I know it doesn’t feel great. It’s like dealing with a bully by getting an even bigger bully to threaten them. Still. Needs must.
Core web vitals from Google are the ingredients for an alphabet soup of exlusionary intialisms. But once you get past the unnecessary jargon, there’s a sensible approach underpinning the measurements.
From May—no, June—these measurements will be a ranking signal for Google search so performance will become more of an SEO issue. This is good news. This is what Google should’ve done years ago instead of pissing up the wall with their dreadful and damaging AMP project that blackmailed publishers into using a proprietary format in exchange for preferential search treatment. It was all done supposedly in the name of performance, but in reality all it did was antagonise users and publishers alike.
Core web vitals are an attempt to put numbers on user experience. This is always a tricky balancing act. You’ve got to watch out for the McNamara fallacy. Harry has already started noticing this:
A new and unusual phenomenon: clients reluctant (even refusing) to fix performance issues unless they directly improve Vitals.
Once you put a measurement on something, there’s a danger of focusing too much on the measurement. Chris is worried that we’re going to see tips’n’tricks for gaming core web vitals:
This feels like the start of a weird new era of web performance where the metrics of web performance have shifted to user-centric measurements, but people are implementing tricky strategies to game those numbers with methods that, if anything, slightly harm user experience.
The map is not the territory. The numbers are a proxy for user experience, but it’s notoriously difficult to measure intangible ideas like pain and frustration. As Laurie says:
This is 100% the downside of automatic tools that give you a “score”. It’s like gameification. It’s about hitting that perfect score instead of the holistic experience.
And Ethan has written about the power imbalance that exists when Google holds all the cards, whether it’s AMP or core web vitals:
Google used its dominant position in the marketplace to force widespread adoption of a largely proprietary technology for creating websites. By switching to Core Web Vitals, those power dynamics haven’t materially changed.
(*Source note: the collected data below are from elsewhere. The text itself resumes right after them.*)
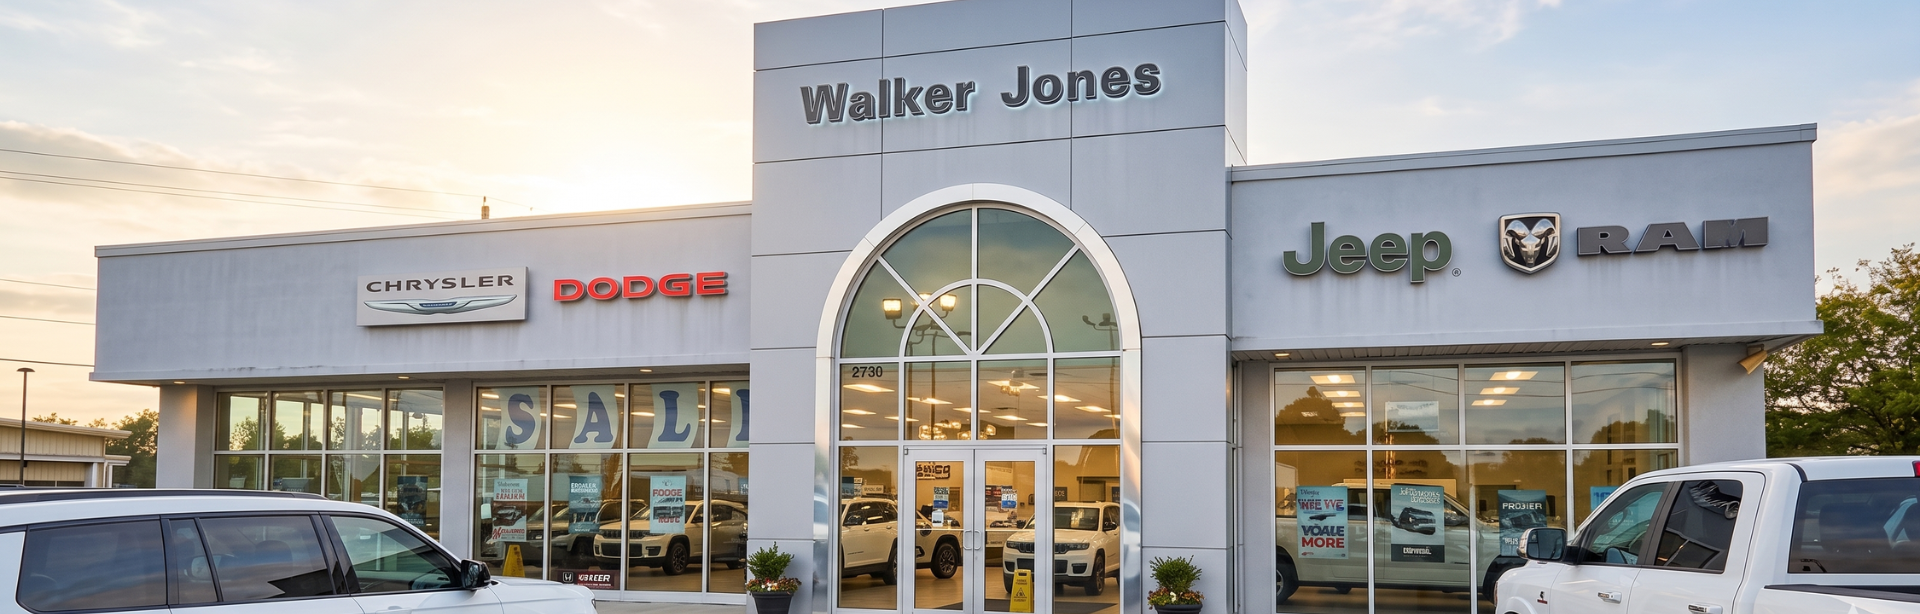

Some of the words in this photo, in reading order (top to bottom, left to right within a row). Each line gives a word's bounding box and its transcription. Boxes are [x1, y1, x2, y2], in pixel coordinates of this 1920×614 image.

[800, 77, 976, 124] Walker
[1000, 62, 1161, 108] Jones
[1577, 216, 1769, 256] RAM
[1282, 221, 1453, 283] Jeep
[365, 274, 515, 292] CHRYSLER
[553, 271, 728, 302] DODGE
[852, 365, 883, 378] 2730
[1301, 536, 1345, 548] MORE
We would do well to remember:
When you measure, include the measurer.
But if we’re going to put numbers to user experience, the core web vitals are a pretty good spread of measurements: largest contentful paint, cumulative layout shift, and first input delay.
(If you prefer using initialisms, remember that CFP is Certified Financial Planner, CLS is Community Legal Services, and FID is Flame Ionization Detector. Together they form CWV, Catholic War Veterans.)
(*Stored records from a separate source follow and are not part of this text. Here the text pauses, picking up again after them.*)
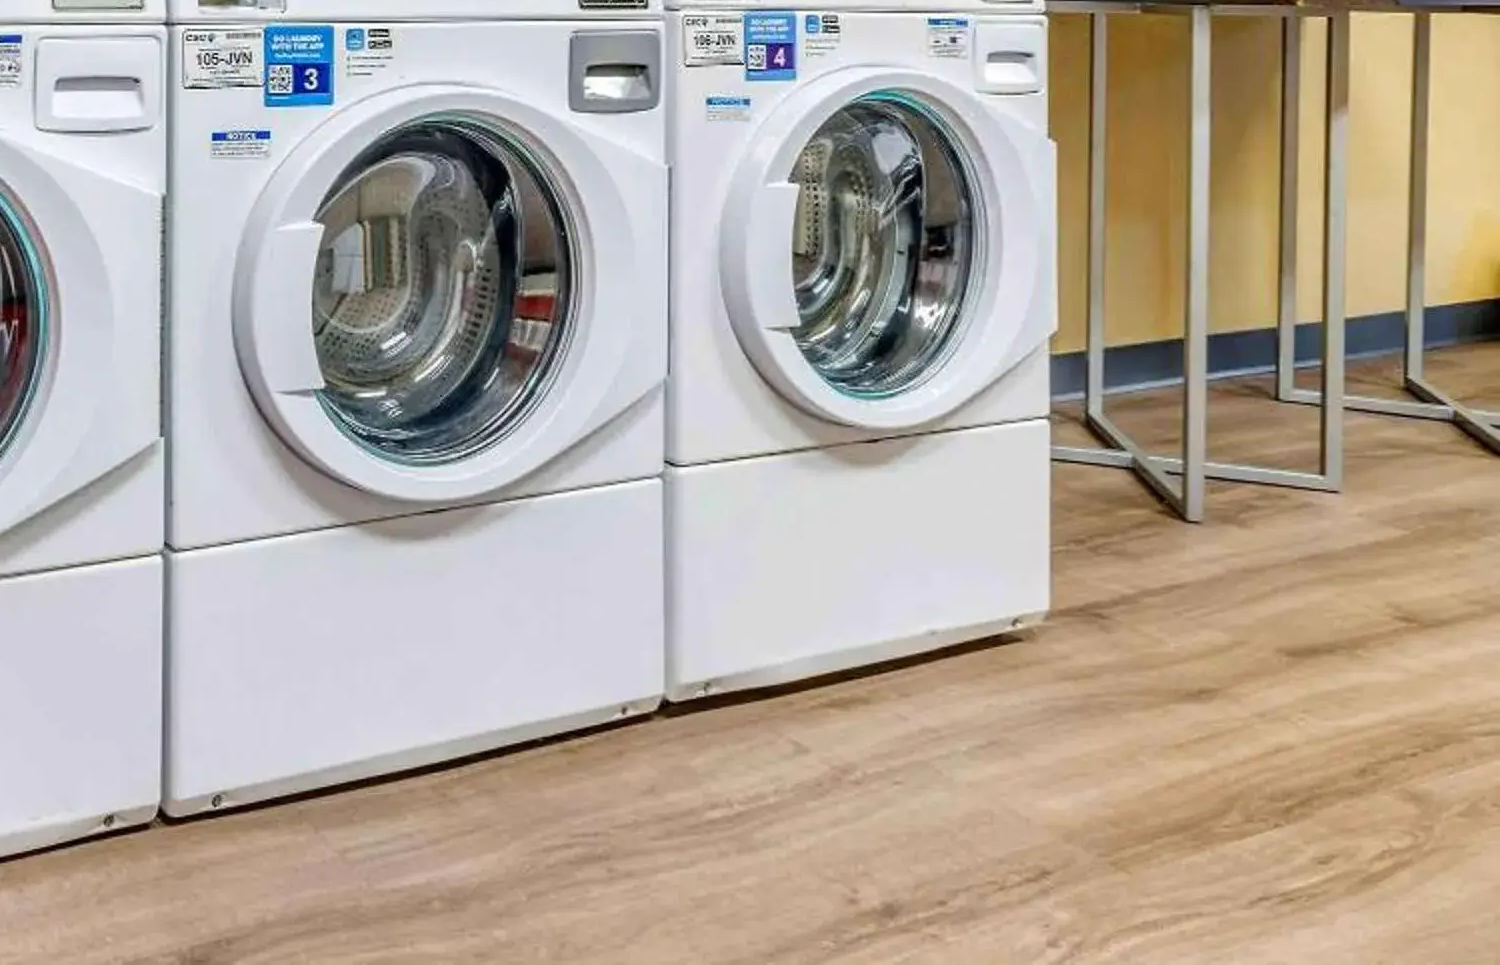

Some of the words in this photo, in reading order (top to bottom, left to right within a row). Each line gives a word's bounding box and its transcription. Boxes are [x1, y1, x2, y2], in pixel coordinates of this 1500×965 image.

[195, 51, 253, 67] 105-JVN
[773, 46, 787, 68] 4
[303, 68, 319, 90] 3
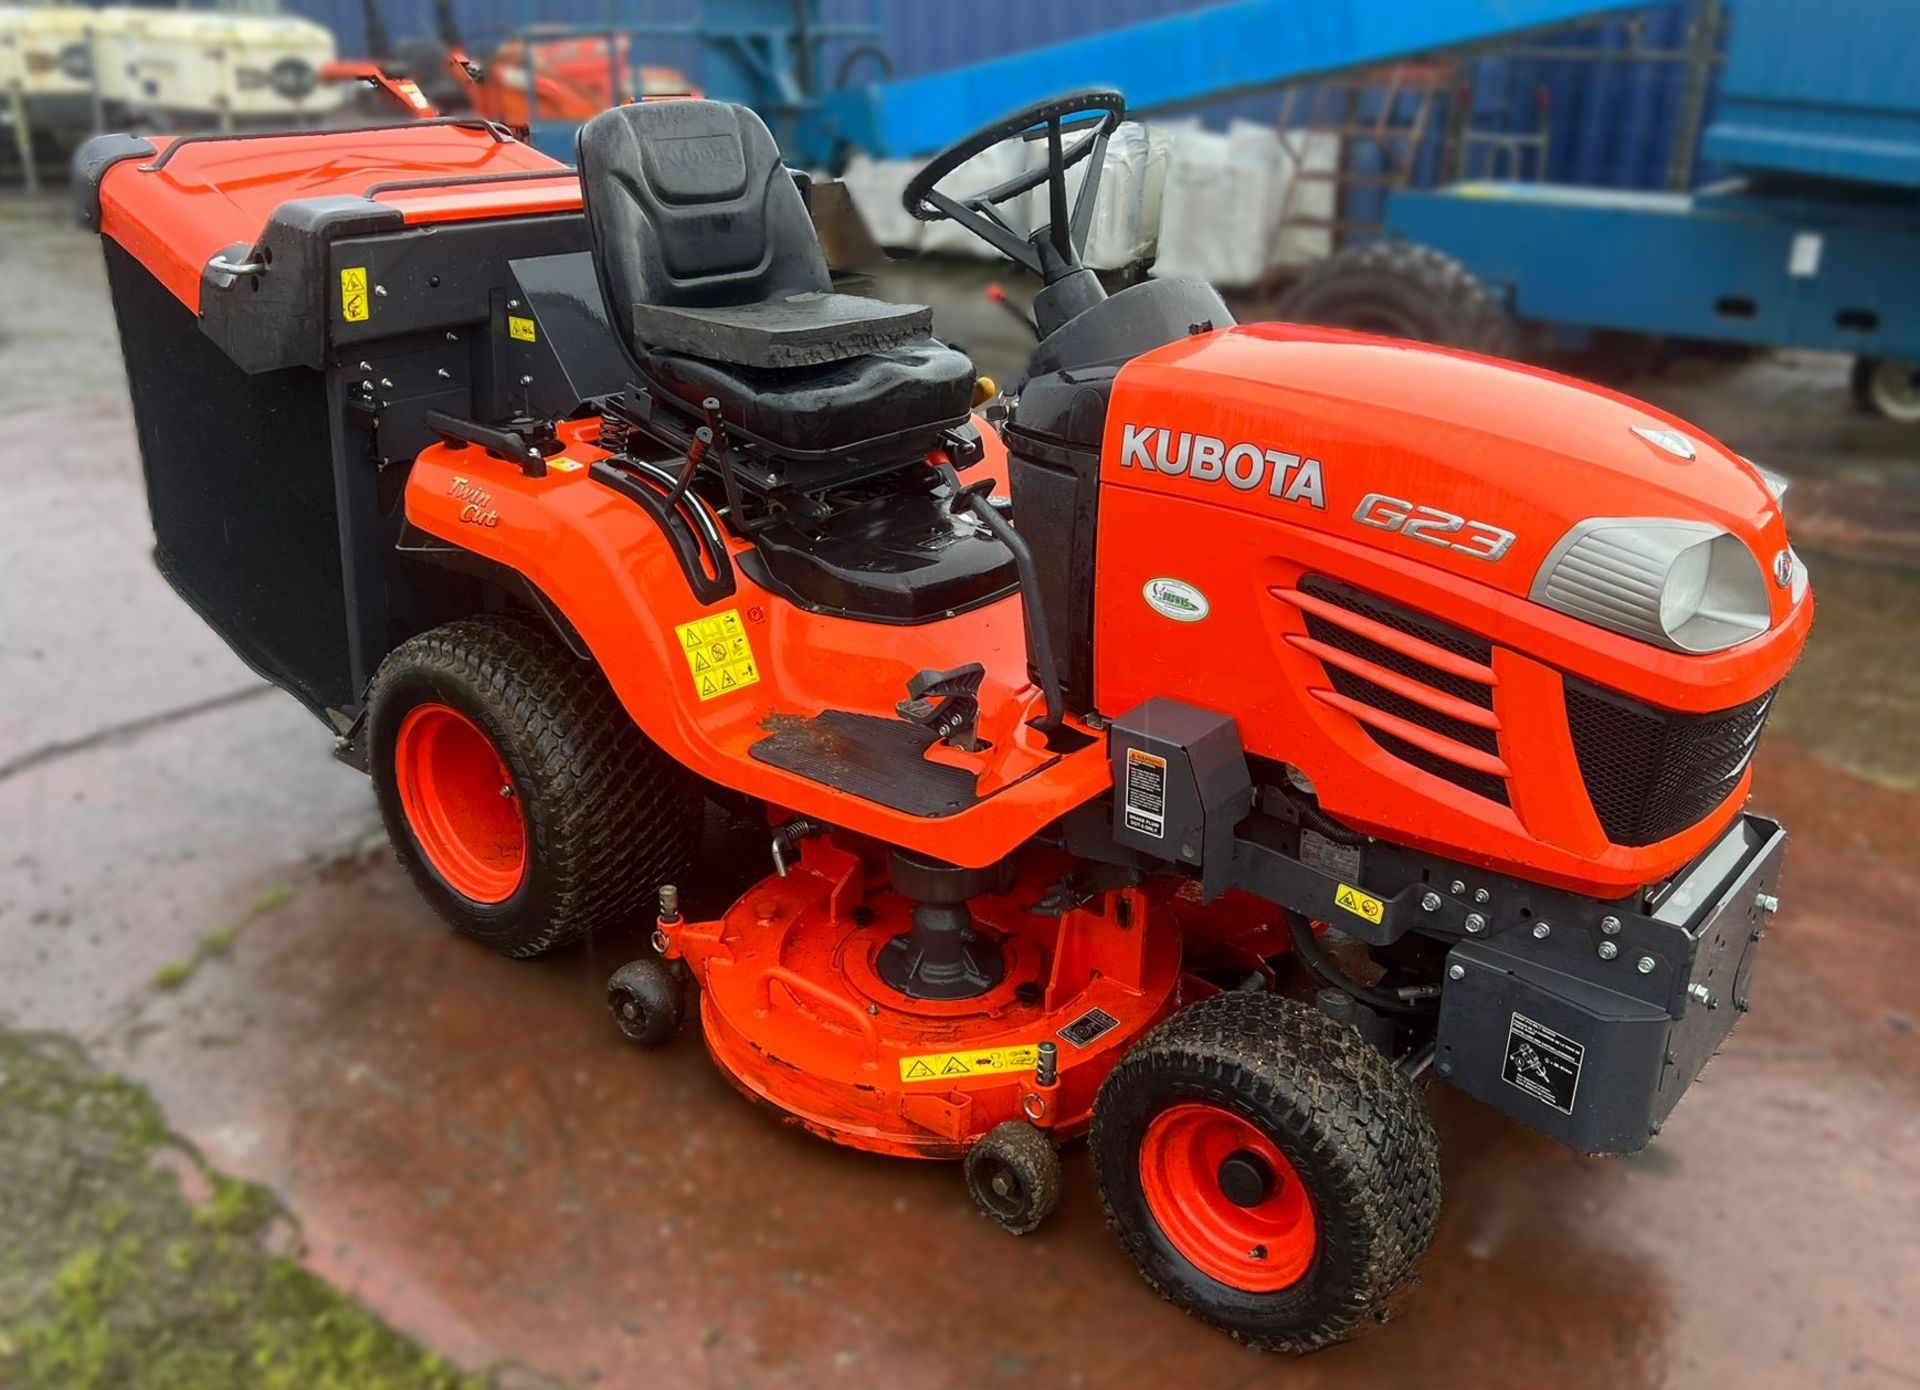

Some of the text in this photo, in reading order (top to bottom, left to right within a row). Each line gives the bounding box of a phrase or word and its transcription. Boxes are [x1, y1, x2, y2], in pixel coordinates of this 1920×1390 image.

[1120, 423, 1327, 509] KUBOTA
[447, 476, 491, 508] Twin
[459, 504, 498, 528] Cut
[1352, 492, 1517, 562] G23
Developers, particularly in Silicon Valley firms, are definitionally wealthy and enfranchised by world-historical standards. Like upper classes of yore, comfort (“DX”) comes with courtiers happy to declare how important comfort must surely be. It’s bunk, or at least most of it is.
As frontenders, our task is to make services that work well for all, not just the wealthy. If improvements in our tools or our comfort actually deliver improvements in that direction, so much the better. But we must never forget that measurable improvement for users is the yardstick.
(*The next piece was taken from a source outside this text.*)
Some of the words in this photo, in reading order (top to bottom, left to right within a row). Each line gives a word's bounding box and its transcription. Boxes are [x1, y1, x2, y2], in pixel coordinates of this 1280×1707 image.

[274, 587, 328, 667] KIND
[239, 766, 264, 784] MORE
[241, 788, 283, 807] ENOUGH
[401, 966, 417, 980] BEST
Cloudfare’s alternative to Google Analytics is now available—for free—regardless of whether your a Cloudflare customer or not:
Being privacy-first means we don’t track individual users for the purposes of serving analytics. We don’t use any client-side state (like cookies or localStorage) for analytics purposes. Cloudflare also doesn’t track users over time via their IP address, User Agent string, or any other immutable attributes for the purposes of displaying analytics — we consider “fingerprinting” even more intrusive than cookies, because users have no way to opt out.
Goodhart’s Law applied to Google’s core web vitals:
If developers start to focus solely on Core Web Vitals because it is important for SEO, then some folks will undoubtedly try to game the system.
Personally, my beef with core web vitals is that they introduce even more uneccessary initialisms (see, for example, Harry’s recent post where he uses CWV metrics like LCP, FID, and CLS—alongside TTFB and SI—to look at PLPs, PDPs, and SRPs. I mean, WTF?).
This is an interesting project to try to rank web hosts by performance:
Real-world server response (Time to First Byte) latencies, as experienced by real-world users navigating the web.
Progressive disclosure interface patterns categorised and evaluated:
I really like the hypertext history invoked in this article.
The piece finishes with a great note on the MacNamara fallacy:
Everyone thinks metrics let us measure results. But, actually, they don’t. They measure only what they are measuring. Engagement, for example, is not something that can be measured, so we use an analogue for it. Time on page. Or clicks.
We often end up measuring what is quick, cheap, and easy to measure. Therefore, few organizations regularly conduct usability testing or customer-satisfaction surveys, but lots use analytics.
Even today, organizations often use clicks as a measure of engagement. So, all too often, they design user interfaces to generate clicks, so the system can measure them.
Pages are often designed so that they’re hard or impossible to read if some dependency fails to load. On a slow connection, it’s quite common for at least one depedency to fail.
Fire up Reader Mode and read this excellent article informed by data from using a typically slow connection in rural USA today. Two findings are:
- A large fraction of the web is unusable on a bad connection. Even on a good (0% packetloss, no ping spike) dialup connection, some sites won’t load.
- Some sites will use a lot of data!
This is so useful! Get instant results from Google’s Chrome User Experience Report without having to wait (or pay) for BigQuery.
Here’s an example of my site’s metrics over the last few months, complete with nice charts.